Nor is it appropriate to preclude claims based on domestic violence or gender. This is inconsistent with, for example, Canadian refugee law. See, e.g., Kauhonina v. Canada (Minister of Citizenship and Immigration), 2018 FC 1300; Jeanty v. Canada (Minister of Citizenship and Immigration), 2019 FC 453.
Proposing to “define political opinion as one . . . in which the applicant possesses an ideal or conviction in support of the furtherance of a discrete cause related to political control of a state or a unit thereof” is also indefensible. An opinion about what policy should be, as opposed to who should control the state, is still political. As a matter of English usage, we would not say that everyone who supports the same candidates for President, governor, Congress, state legislature, etc., must have all the same political opinions.

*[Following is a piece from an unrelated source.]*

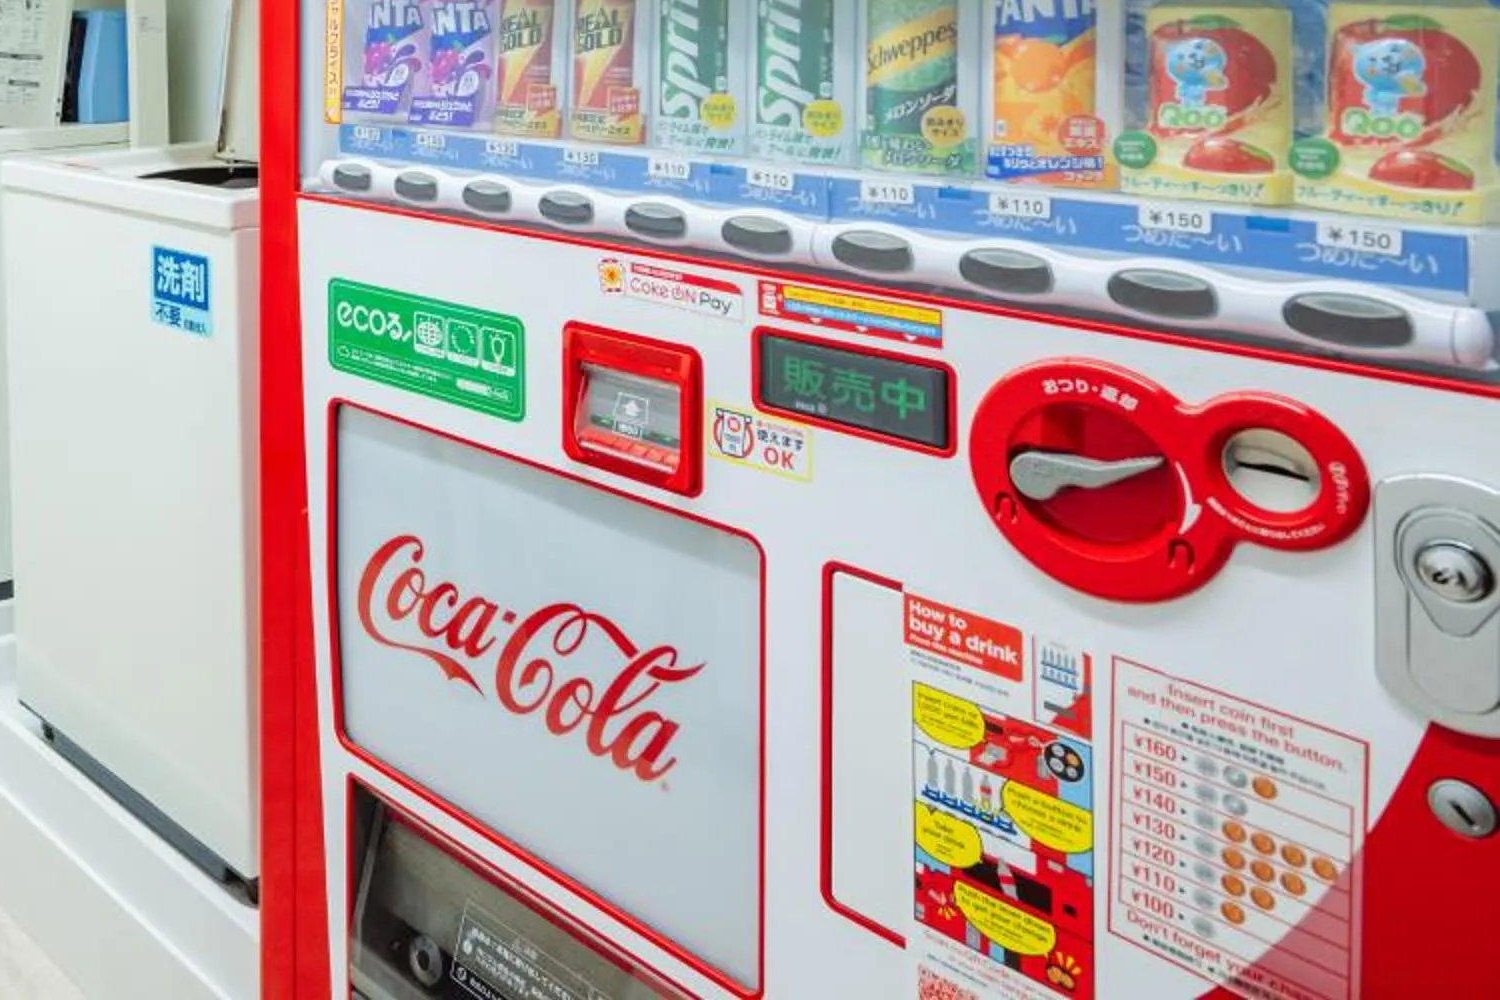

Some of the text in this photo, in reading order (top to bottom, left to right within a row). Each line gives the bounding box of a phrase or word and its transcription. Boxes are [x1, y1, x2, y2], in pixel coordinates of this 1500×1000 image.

People may differ on such matters as whether abortion should be legal, but vote for the same party—there are pro-choice Republicans like Senator Lisa Murkowski, or pro-life Democrats like Senator Bob Casey. If Senator Murkowski would vote for the same Republican candidates as someone who believes abortion should be illegal, this does not mean the two have no differing political opinions. Persecution of Senator Murkowski for her view on abortion would be based on political opinion even if the persecutor agreed with her votes for Republican candidates.
The list of 9 adverse factors supporting denial of asylum as a matter of discretion is inappropriate. The better, well-established rule is that “the danger of future persecution can overcome all but the strongest adverse factors.” Huang v. INS, 436 F.3d 89, 100 (2d Cir. 2006). Basing denial on how many countries an alien traveled through (perhaps to change planes) is absurdly arbitrary; the other 8 are little better.
The reduction in confidentiality, besides being inappropriate, should not apply retroactively. Those subject to the prior regulatory promise of secrecy should retain its benefits.
5,000 characters is not enough to rebut this 43-page monstrosity."